My Prayer When This Mama Can't Be There ...

I spoke with our adoption agency this week.  We just submitted all of our dossier paperwork and the paper chase is finally over!  I called our case worker to get a sense of what our "next steps" will be and she gave me some exciting, albeit sobering news.  Our agency has recently accepted a partnership with the first government run orphanage in the Fujian Province of China, which means that the children that are in this particular orphanage (approximately 350 of them), all of which have special needs, are being advocated for by the agency in order that they may find families for these kiddos.  Only 100 of the children are considered "adoptable" because in China, a child who is orphaned is not necessarily available for adoption (which means that 200 of these children will likely live in this government institution until they age out of the system at 14 and are sent out on the street - a fact I just can't wrap my heart around).

For us, this new development means that it is very likely that our son is already living at the Xiamen Orphanage in Fujian, China and we just don't know him yet...  This new development is changing the way I pray for Jack (Yep, Jackson Thomas is his name for now... unless he already has been given an American name.  If that were the case, we would most likely keep that.)

So how does this new idea that Jack may be sleeping in a crib with one or two crib mates on a hard plywood board change my prayer?  We don't know who Jack is yet but knowing that he is even possibly born already changes things.  The adoption agency said that they are waiting on chinese medical reports to be translated before they can match any of these children with families here in the states so it will be several months before we know more.
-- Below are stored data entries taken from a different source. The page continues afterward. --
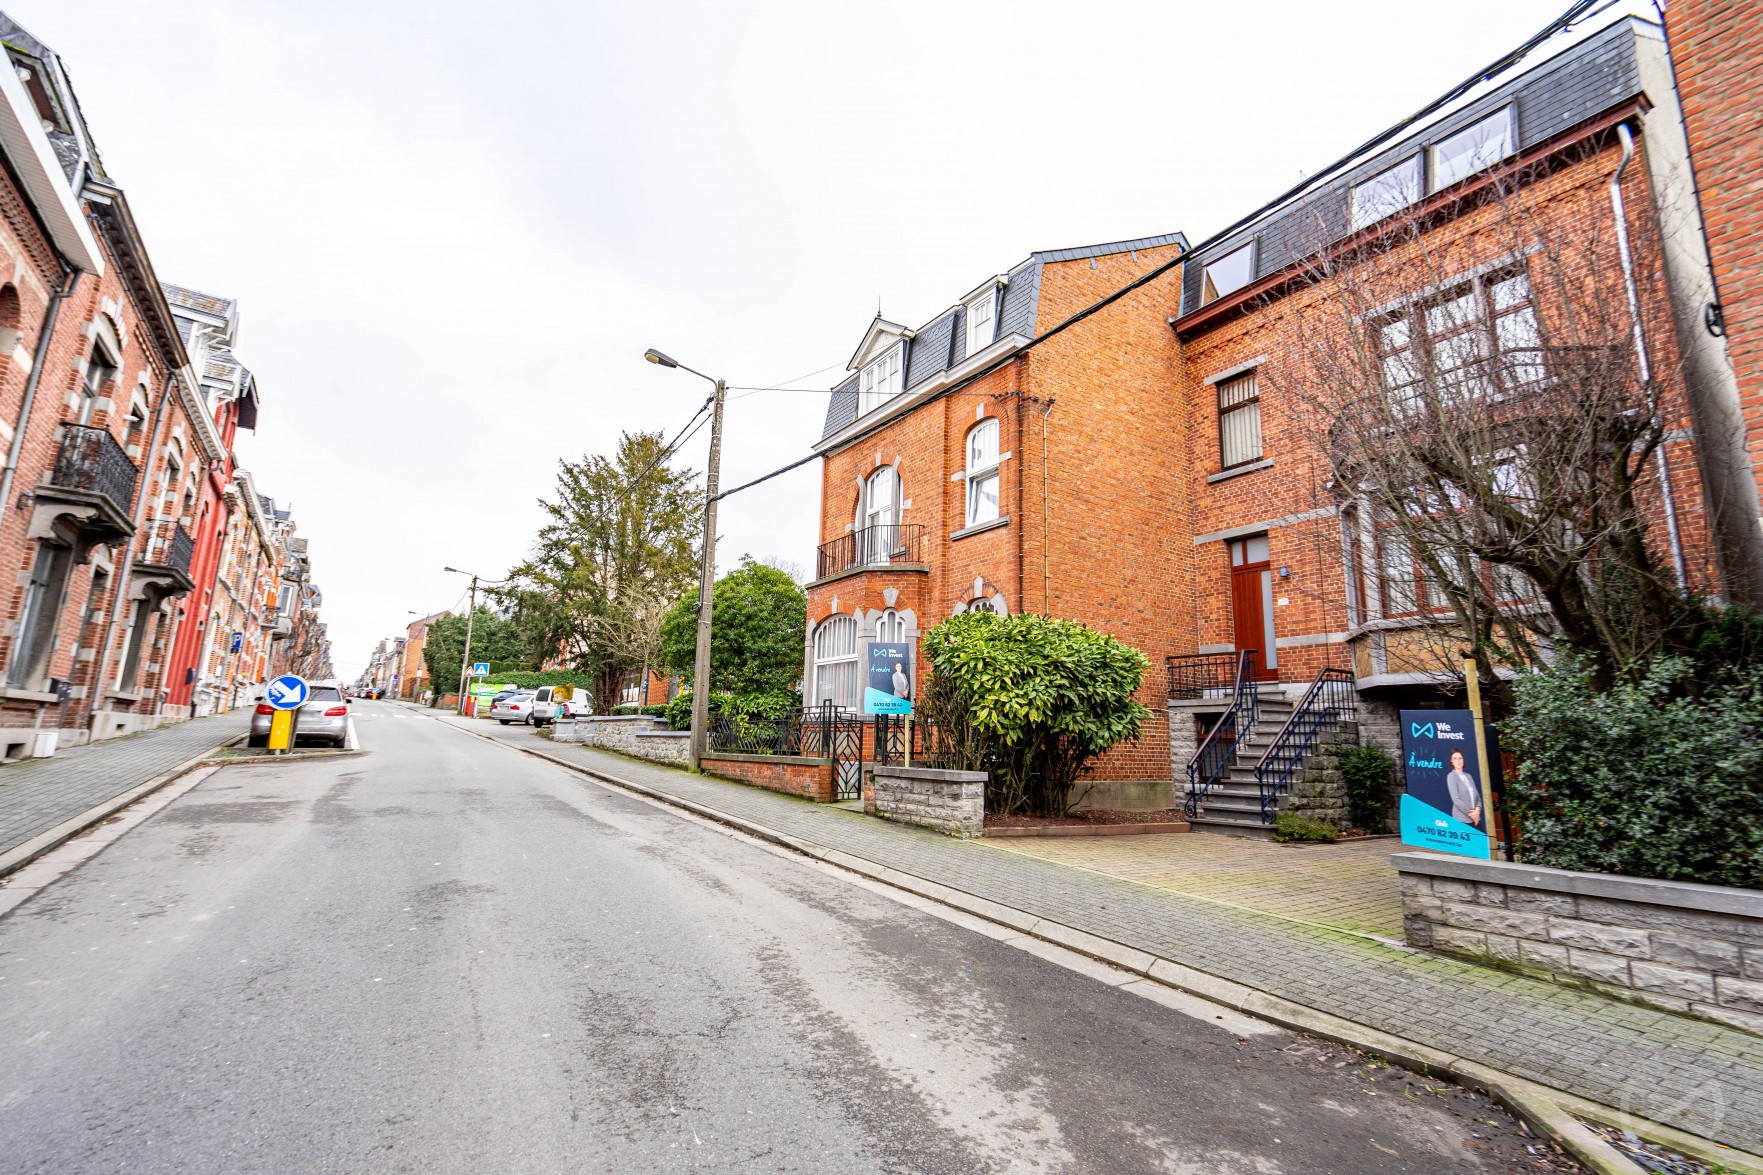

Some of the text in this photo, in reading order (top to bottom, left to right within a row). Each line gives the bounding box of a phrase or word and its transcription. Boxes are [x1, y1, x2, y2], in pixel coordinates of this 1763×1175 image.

[1436, 722, 1451, 731] We
[1437, 731, 1464, 740] Invest
[1408, 751, 1442, 768] À vendre
[1417, 826, 1436, 835] 0470
[1437, 830, 1447, 838] 82
[1448, 832, 1458, 840] 39
I may not know his circumstances right now but I do know his Maker and the lover of his soul and I am honored to be praying for him in this time in between:

Lord, You hear Jack's every cry tonight.  You see his every gurgle and breathe.  You adore him and have fearfully and wonderfully made him.  I claim his life for you tonight and in the days and months to come...  May that claim on his little life be so evident in the heavenlies that the enemy cannot touch him, because he is surrounded by Your hedge of protection.

May the hands that touch him be gentle and kind so he may know security.
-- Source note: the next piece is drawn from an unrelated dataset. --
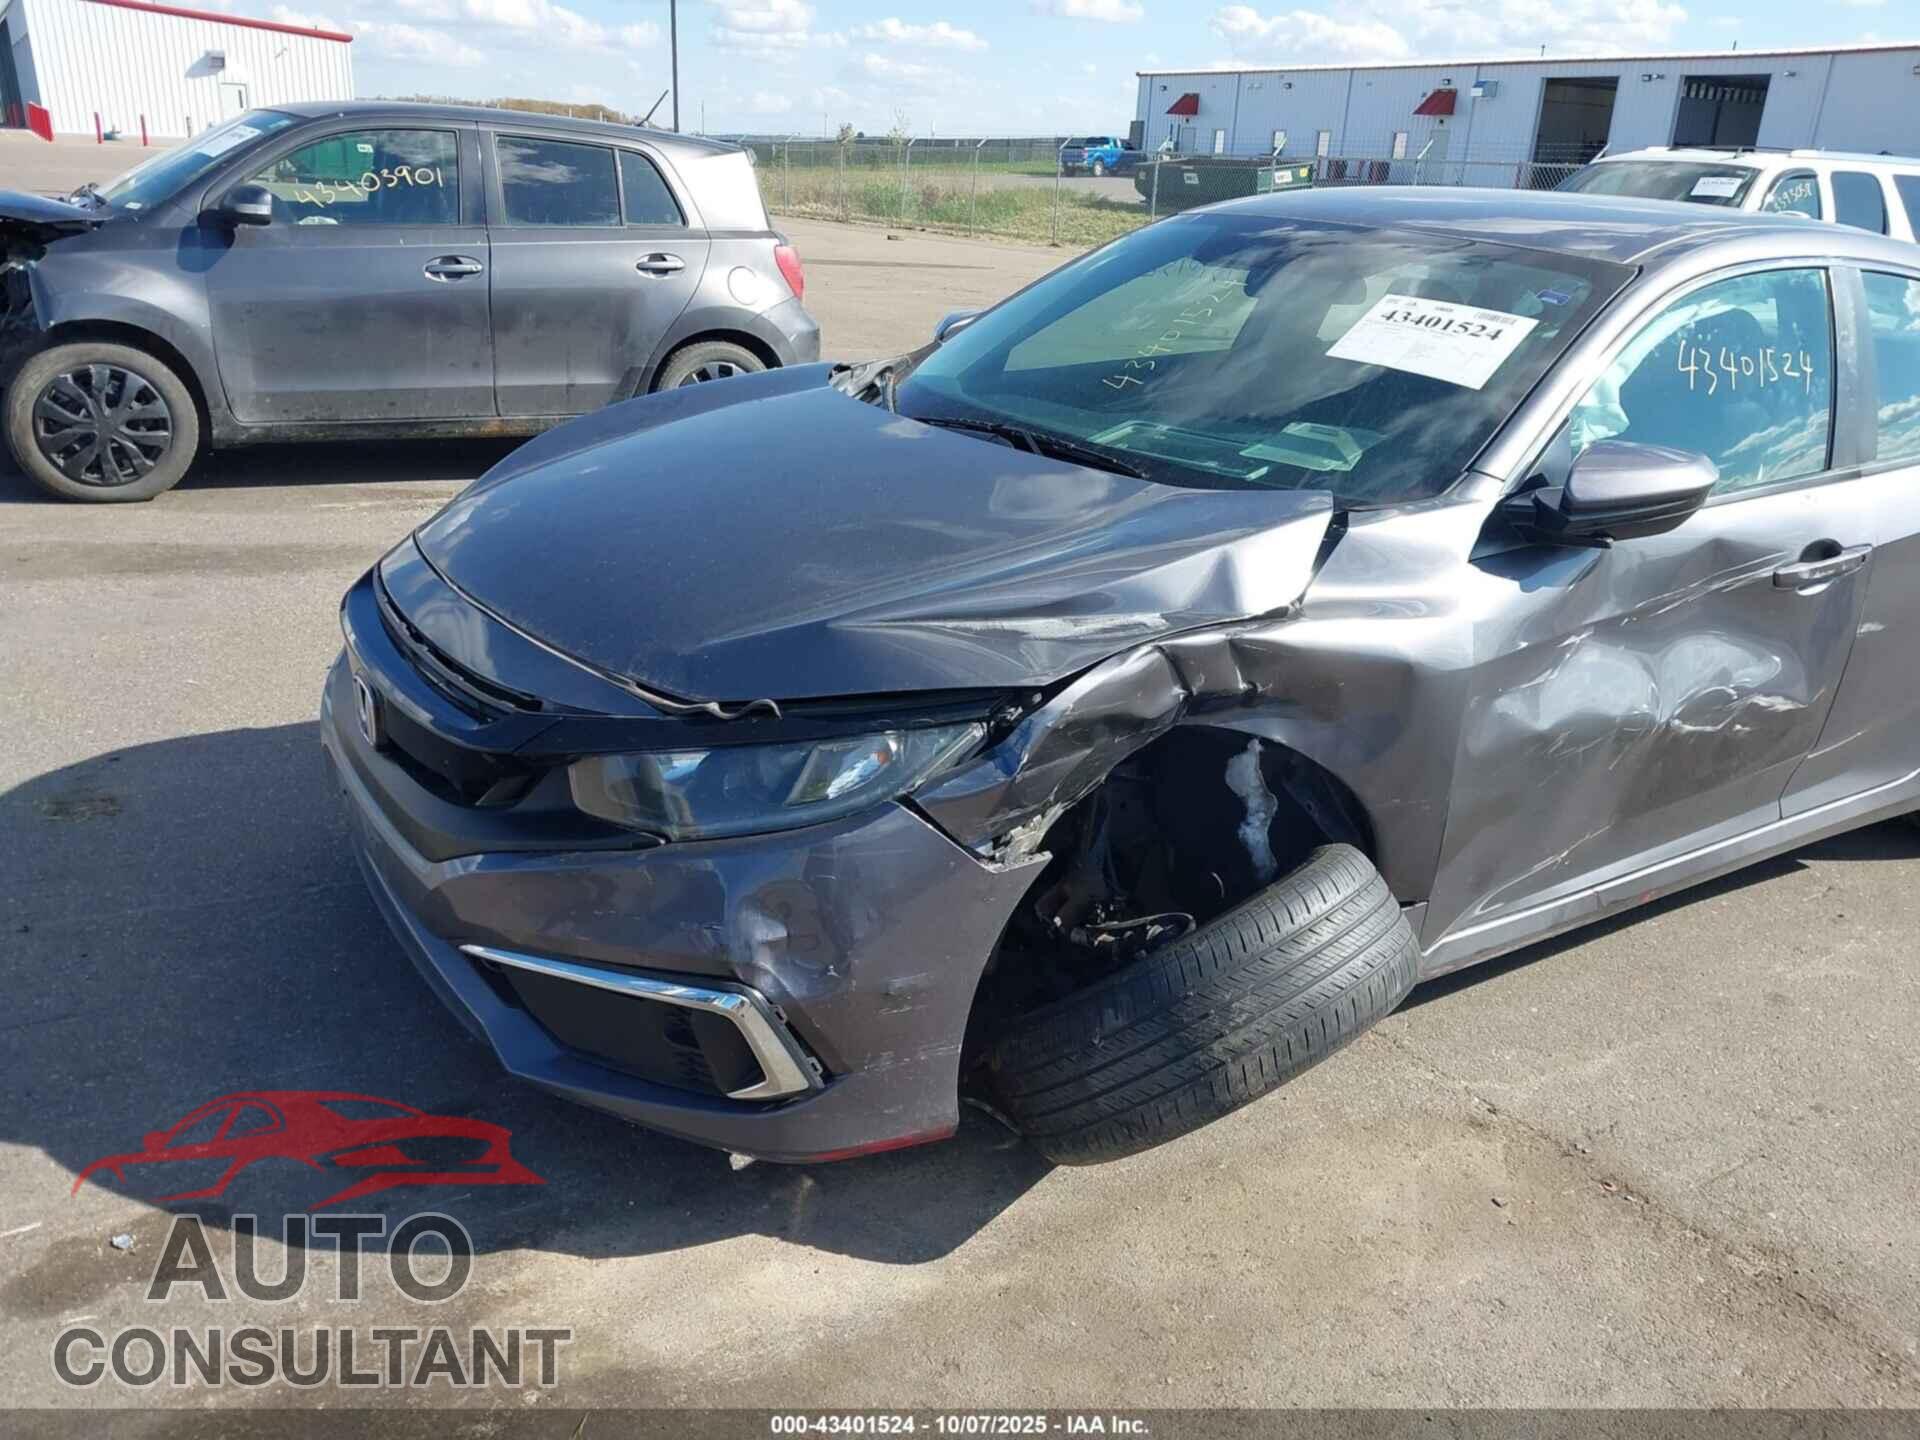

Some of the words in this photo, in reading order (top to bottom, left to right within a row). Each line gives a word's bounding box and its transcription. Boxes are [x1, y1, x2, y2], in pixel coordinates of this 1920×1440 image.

May the lips that speak to him bring life and peace to his heart.

May the eyes that gaze on him show adoration and affection, that he may know the adoration of a caregiver.

May he hear music that allows his spirit to soar and his heart to find safety.
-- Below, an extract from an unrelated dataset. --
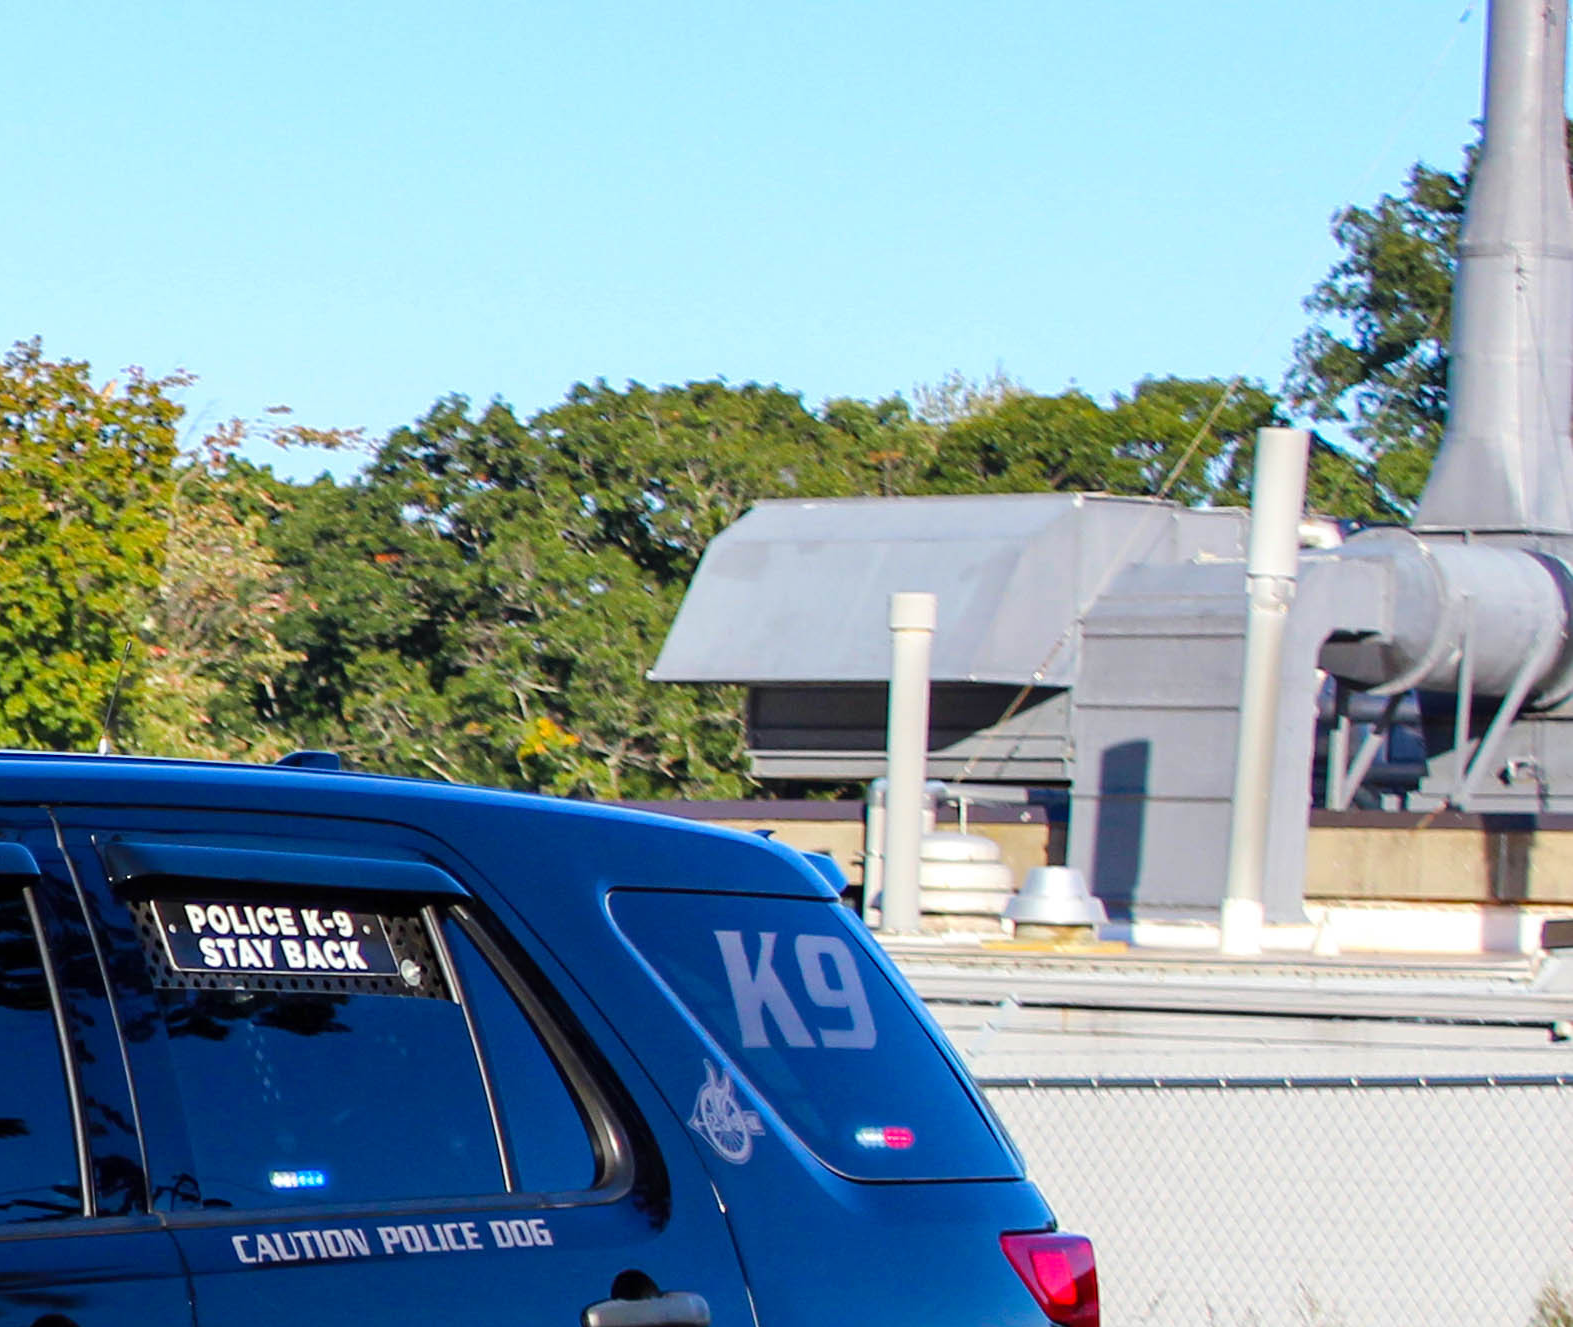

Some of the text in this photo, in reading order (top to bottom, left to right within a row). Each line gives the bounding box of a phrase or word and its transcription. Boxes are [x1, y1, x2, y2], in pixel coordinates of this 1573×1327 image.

May he find an item of comfort in the orphanage that gives him a sense of belonging.

May his eyes be shown the spiritual protection around him so that he draws comfort in knowing that Jesus is his comforter.

May his body find supernatural rest when he is physically hurting.

May the days be few until we get the call that we have been matched with one of the children... our Jack.


1 comment:

  1. Hi Heidi, I am so glad you commented on my blog today so I was able to find your blog. I am so excited to follow your joruney and can't wait to see who God has picked to be your son. Congrats on finishing the paperchase. What a big step. Here's to a quick match!!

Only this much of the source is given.